Embarrassed, she grimaced. “I’m sorry. It’s just that I came here to be alone.”

  Elle nodded. “I get that. And so does Spence, more than anyone I know. He’d be a complete shut-in if we let him. We routinely have to drag him around with us and force him to be social.”

  Spence looked pained. “I’m not that bad.”

  “Wanna bet?”

  He shook his head but didn’t take his gaze from Colbie. “I want you to know that you’re safe here in this building. I promise you that.”

  He had incredible eyes and that combined with a killer smile, and she was sucked right in. Her problem was simple. The promises of people she loved had never meant jackshit, so she certainly couldn’t accept a promise from a stranger. And yet, her gaze locked with Spence’s, she found that she somehow wanted to.

  “This way—follow me,” Elle said and started walking, Daisy trotting along after her.

  Colbie stared at them. “Do people always just do what she says?”

  “Always,” Spence said. “Resistance is futile. Come on, I’ve got ya.” He took her stuff and led her past the wrought-iron gate that would’ve taken her back to the street.

  The irony was that she’d come into the courtyard on her way to the hotel she’d Googled only because of the fountain. The one with the crazy love legend that had appealed to the writer deep down inside her.

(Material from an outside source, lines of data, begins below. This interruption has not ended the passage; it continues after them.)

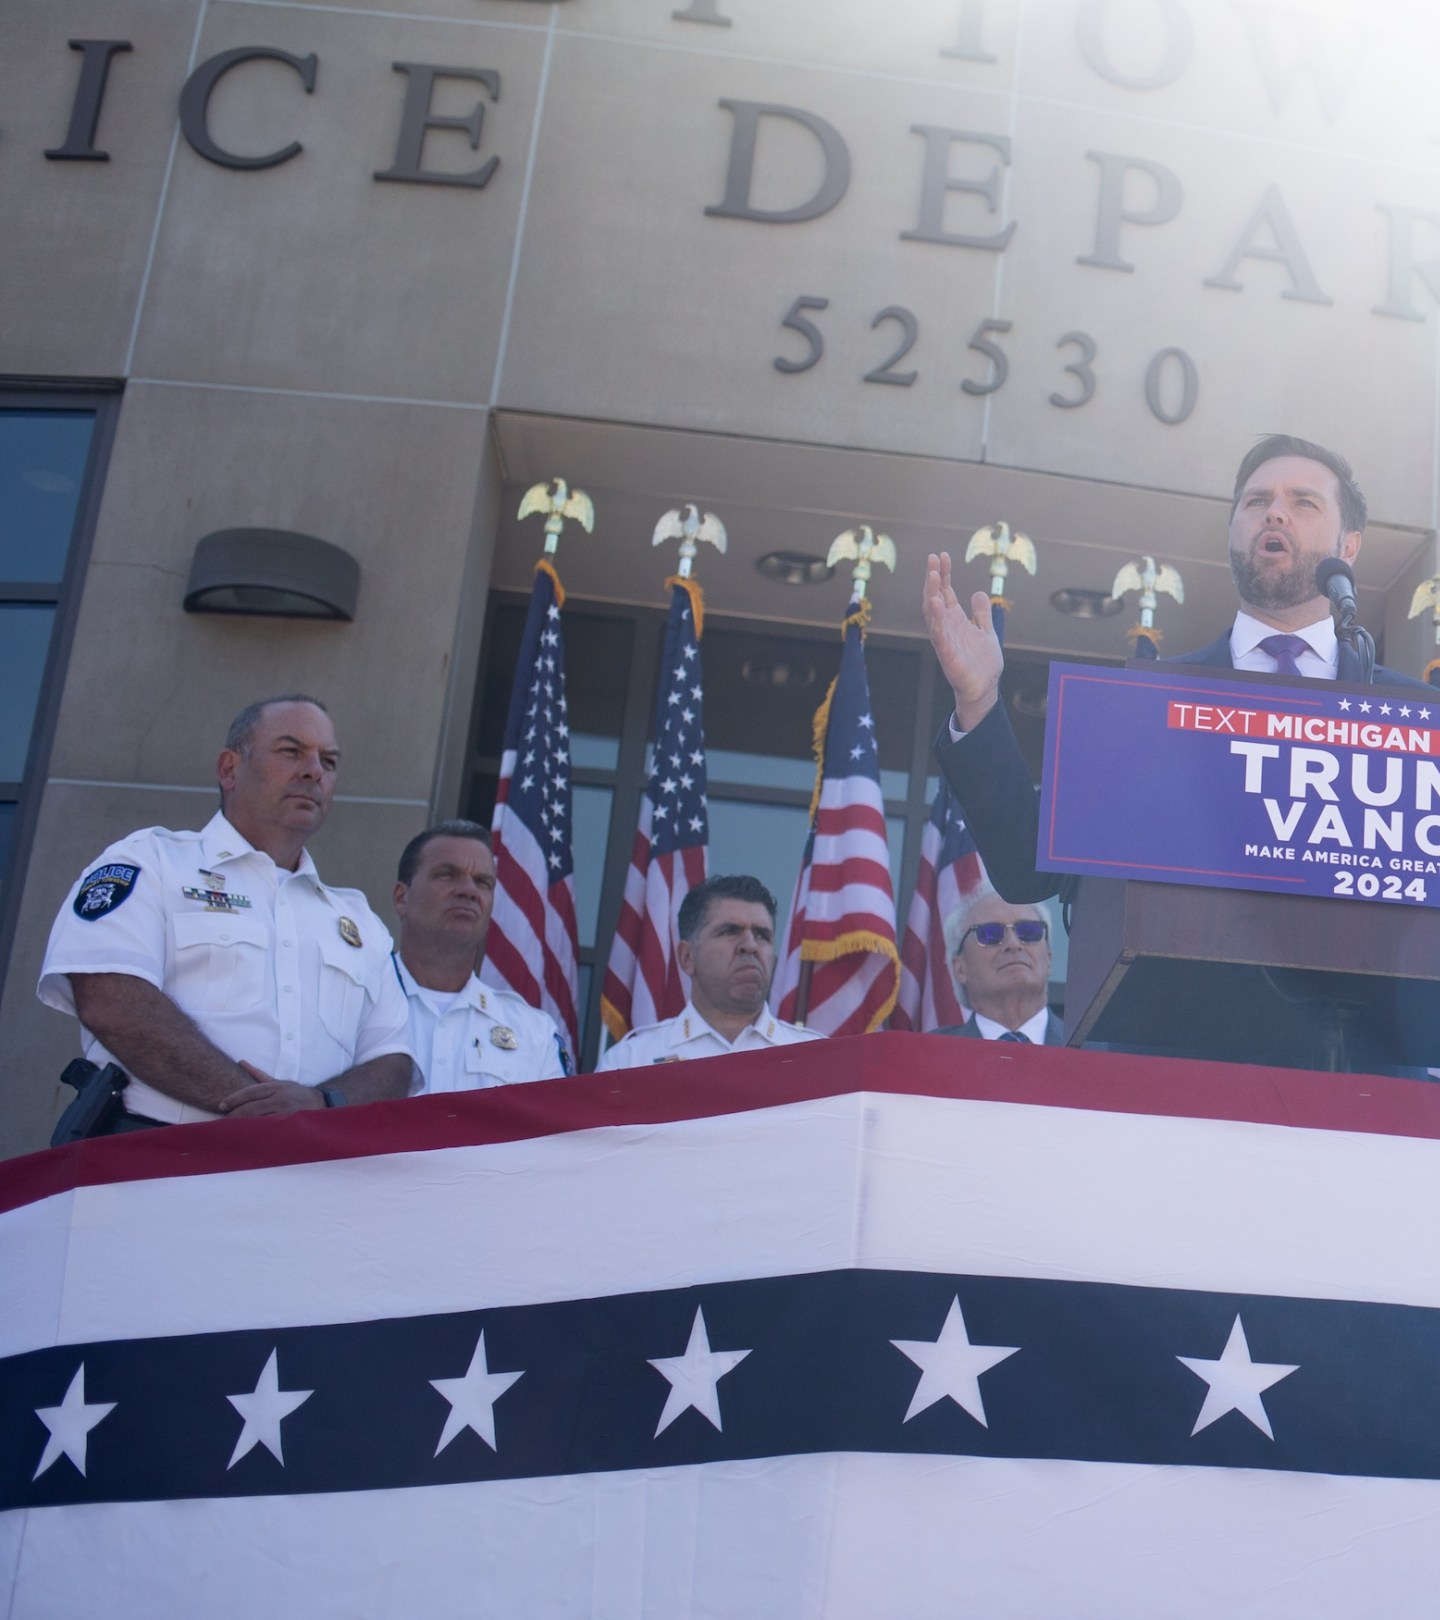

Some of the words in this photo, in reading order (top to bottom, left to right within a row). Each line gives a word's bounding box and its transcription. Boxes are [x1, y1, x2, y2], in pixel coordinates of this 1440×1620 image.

[773, 295, 1200, 426] 52530
[1174, 703, 1257, 734] TEXT
[1267, 713, 1431, 753] MICHIGAN
[1245, 844, 1296, 861] MAKE
[1302, 850, 1384, 869] AMERICA
[1333, 871, 1427, 902] 2024
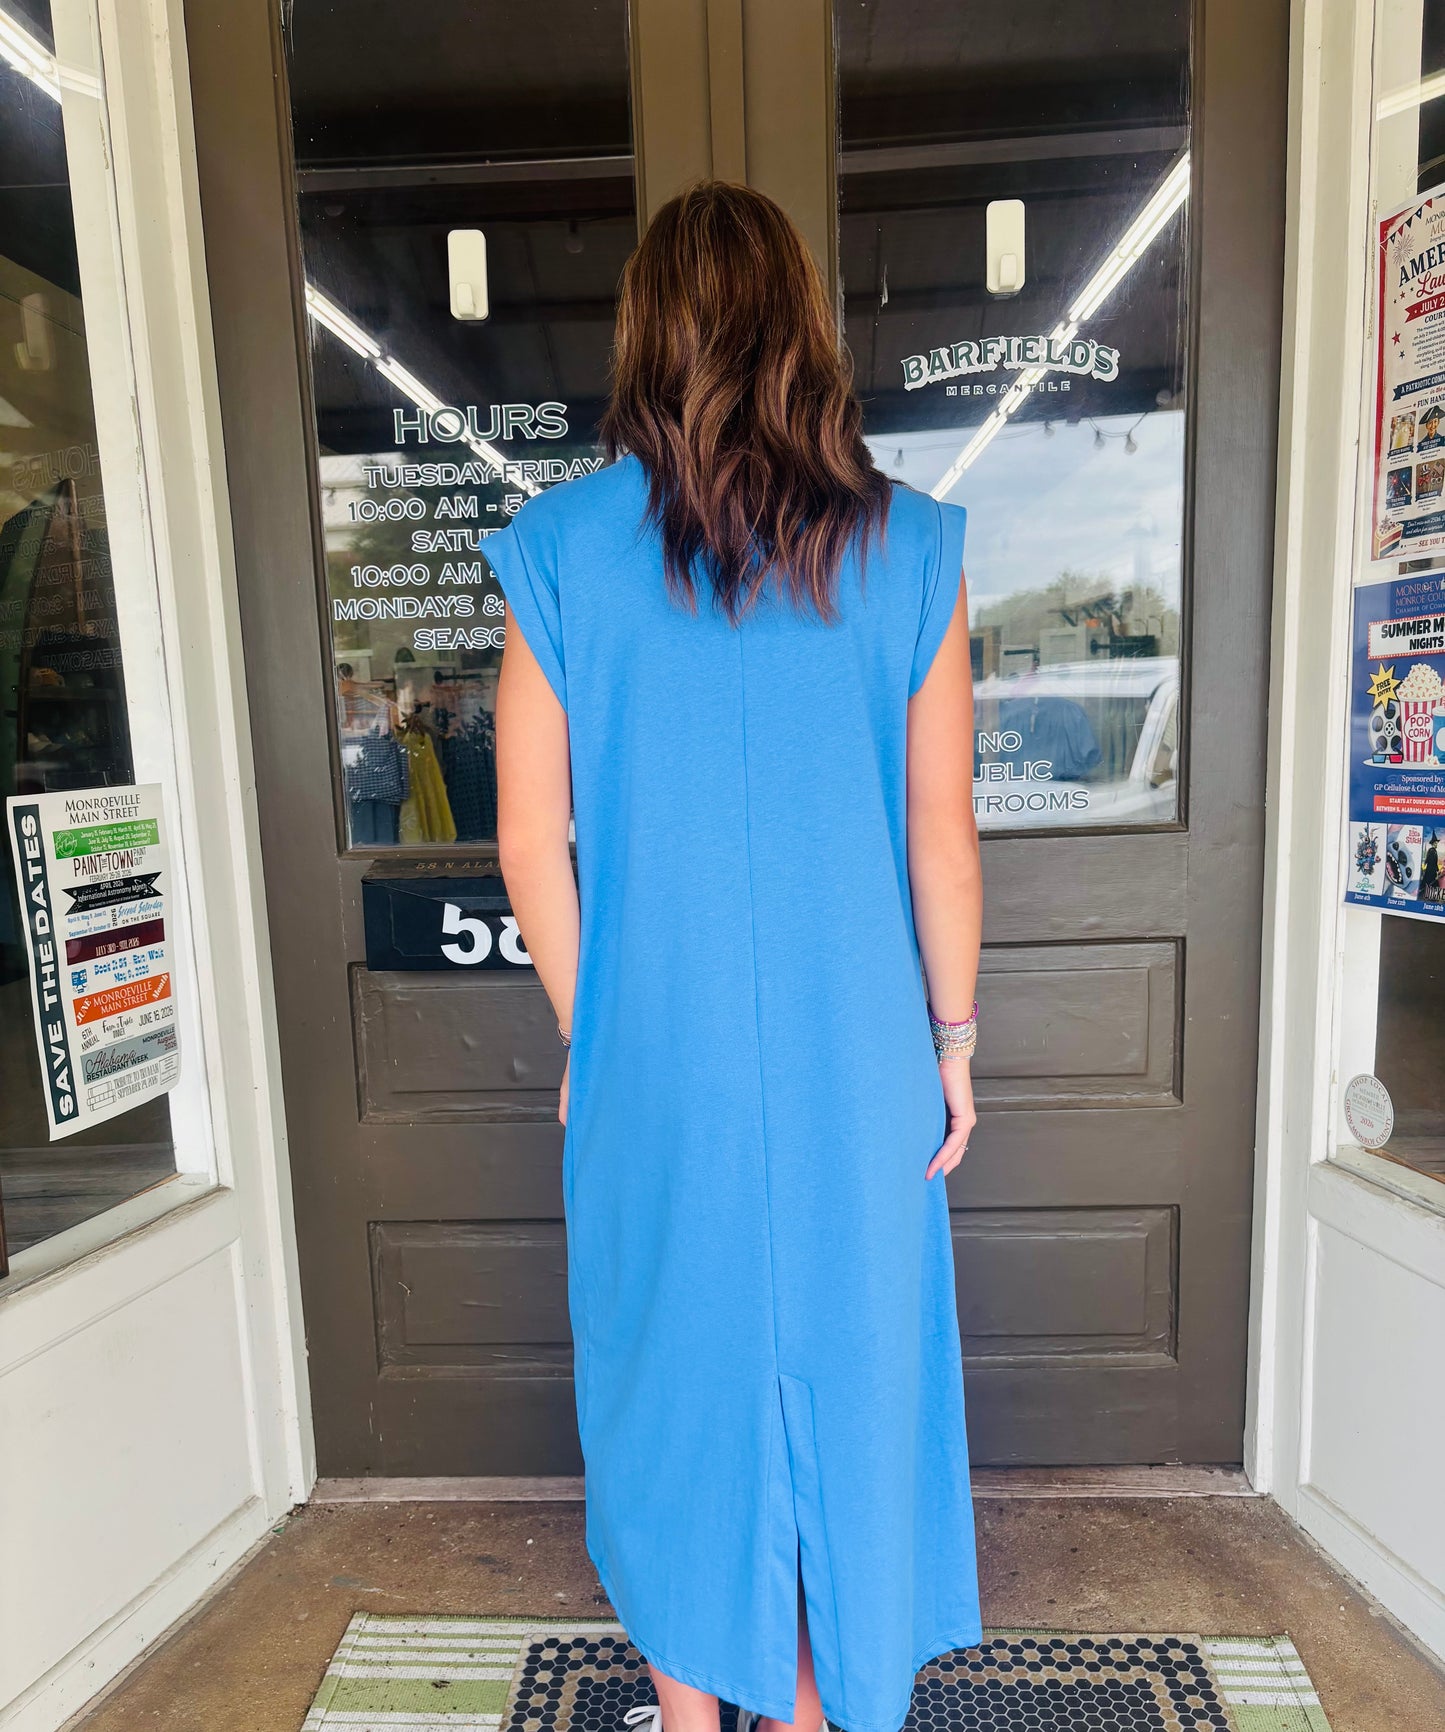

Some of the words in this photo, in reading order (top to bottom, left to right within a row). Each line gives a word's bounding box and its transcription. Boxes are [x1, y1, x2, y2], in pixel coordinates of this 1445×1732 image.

[1420, 298, 1439, 313] JULY
[946, 380, 1071, 396] MERCANTILE
[1417, 398, 1429, 408] FUN
[393, 402, 568, 444] HOURS
[363, 458, 604, 488] TUESDAY-FRIDAY
[348, 498, 426, 522] 10:00
[434, 496, 478, 519] AM
[504, 493, 526, 516] 5
[351, 563, 430, 588] 10:00
[438, 562, 482, 585] AM
[333, 595, 475, 621] MONDAYS
[482, 593, 505, 616] &
[1381, 618, 1431, 639] SUMMER
[1409, 635, 1444, 651] NIGHTS
[1376, 677, 1391, 691] FREE
[1377, 686, 1392, 698] ENTRY
[1408, 726, 1431, 738] CORN
[1410, 715, 1431, 728] POP
[978, 731, 1023, 753] NO
[1401, 774, 1434, 784] Sponsored
[65, 793, 141, 812] MONROEVILLE
[972, 789, 1090, 814] TROOMS
[69, 811, 100, 824] MAIN
[103, 806, 139, 820] STREET
[133, 847, 147, 857] PAINT
[73, 854, 102, 877] PAINT
[105, 849, 134, 872] TOWN
[21, 814, 51, 936] DATES
[77, 891, 107, 903] International
[107, 886, 132, 898] Astronomy
[141, 911, 161, 921] SQUARE
[40, 940, 63, 1011] THE
[93, 980, 153, 1008] MONROEVILLE
[152, 973, 170, 1000] Month
[76, 997, 92, 1024] JUNE
[100, 1002, 122, 1015] MAIN
[123, 992, 148, 1007] STREET
[138, 1012, 153, 1027] JUNE
[81, 1026, 93, 1040] 6TH
[142, 1026, 175, 1044] MONROEVILLE
[48, 1020, 74, 1116] SAVE
[85, 1047, 138, 1075] Alabama
[86, 1061, 129, 1082] RESTAURANT
[130, 1053, 149, 1065] WEEK

  Ahead of them, Elle and Daisy took the stairs, which was impressive because Elle was wearing some seriously kickass heels.

  Thankfully, Spence bypassed the stairwell and hit the button for the elevator.

  “Your girlfriend—” she started.

  “Not my girlfriend.”

  “Okay, then,” she said, not sure why that sent a thrill through her. “Your dog is taking the stairs.”

  “Because she’s not in danger of hypothermia. And she’s not mine either. A friend owns South Bark Pet Shop on the farside of the courtyard. To clear my head, I sometimes help her out and walk her day care clients.”

  So Daisy wasn’t even his, a fact that oddly relieved Colbie. He hadn’t been shirking responsibility of his own pet.

  Which meant she’d jumped to conclusions about him and she didn’t like what that said about herself. “So . . . you’re a professional dog walker?”

  He laughed as the elevator doors opened. “No.”

  They stepped on and he pulled out a special keycard, sliding it across the card reader as she looked at him. “Dog walking is a perfectly respectable profession,” she said.

  “Of course it is. But that’s not what I do.”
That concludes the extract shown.